DOMANDA. Nel corso di um nostro incontro Lei ci ha detto che “tutti i conflitti entrano in armonia tra loro come gli strumenti di un’orchestra” e che “la tua mente dev’essere centrata e in pace, soltanto così potrai addentrarti nella conflittualità”. Dunque, questo concetto di armonia include la conflittualità? L’armonia sarebbe uno stato, una condizione, oppure un processo di armonizzazione degli opposti? Il suo concetto di armonia include anche l’esistenza del suo opposto, la disarmonia?
Come ho detto con le risposte precedenti, il punto di “disarmonia” o “causa del conflitto” nasce dall’ego che crea la separazione tra l’“io” e l’“altro”; da qui, nascono le cause della “scienza del bene e del male”, cioè del conflitto. Il conflitto è proprio dell’essere umano, a causa della coscienza che questi ha di se stesso e del suo habitat; non può evitare il conflitto che, in realtà, sorge a causa della sua interpretazione erronea degli avvenimenti che osserva e di cui fa esperienza. Afferma Buddha: “Anche avendo la natura di Buddha, siamo vittime di tutte le limitazioni di una persona comune. Questo si deve ai “veli della mente”. Quando sono sorti questi veli? In effetti, non hanno origine, ma ricoprono la mente da quando esiste, e cioè, da sempre.

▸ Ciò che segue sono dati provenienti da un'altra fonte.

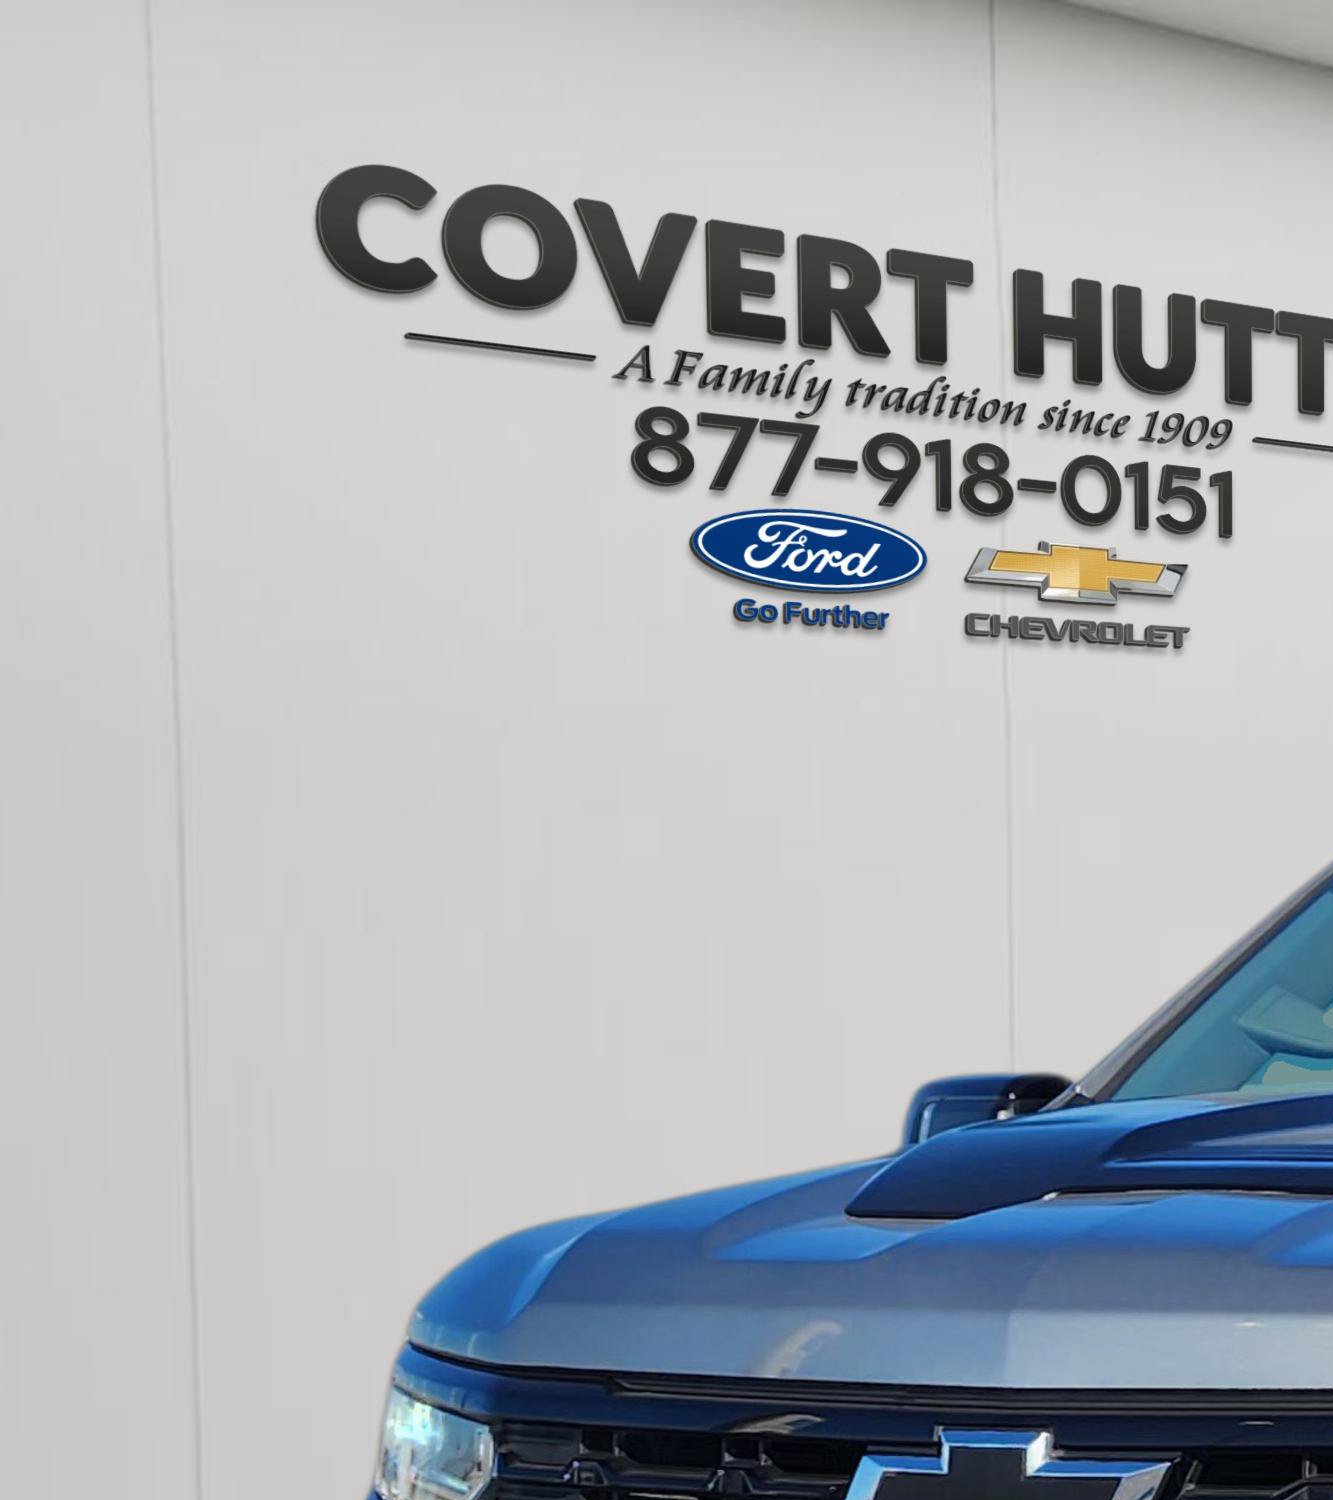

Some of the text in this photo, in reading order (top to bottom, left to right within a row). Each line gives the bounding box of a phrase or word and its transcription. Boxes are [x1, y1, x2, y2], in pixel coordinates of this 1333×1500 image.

E quali sono questi veli? Il primo velo è quello dell’ignoranza.
La mente fondamentale è ancora chiamata “il potenziale della partenza verso la felicità”. Appartiene a tutti gli esseri. Non riconoscerla è ignoranza e ciò costituisce il principale velo che copre la mente. I nostri occhi ci permettono di vedere con chiarezza gli oggetti esterni; ma non possono vedere il nostro viso, neanche loro stessi. Analogamente, la mente che non vede se stessa non si riconosce per ciò che è. È questo ciò che chiamiamo velo dell’ignoranza.
Il secondo velo è quello dei condizionamenti latenti. La prima conseguenza dell’ignoranza è la dualità. La mente concepisce in modo falso un io, centro di qualsiasi esperienza, concepisce oggetti percepiti come altri. Dividendo la mente unica in due, viviamo nell’universo della dualità soggetto-oggetto, io e l’altro. Questo è il secondo velo, il velo dei condizionamenti latenti.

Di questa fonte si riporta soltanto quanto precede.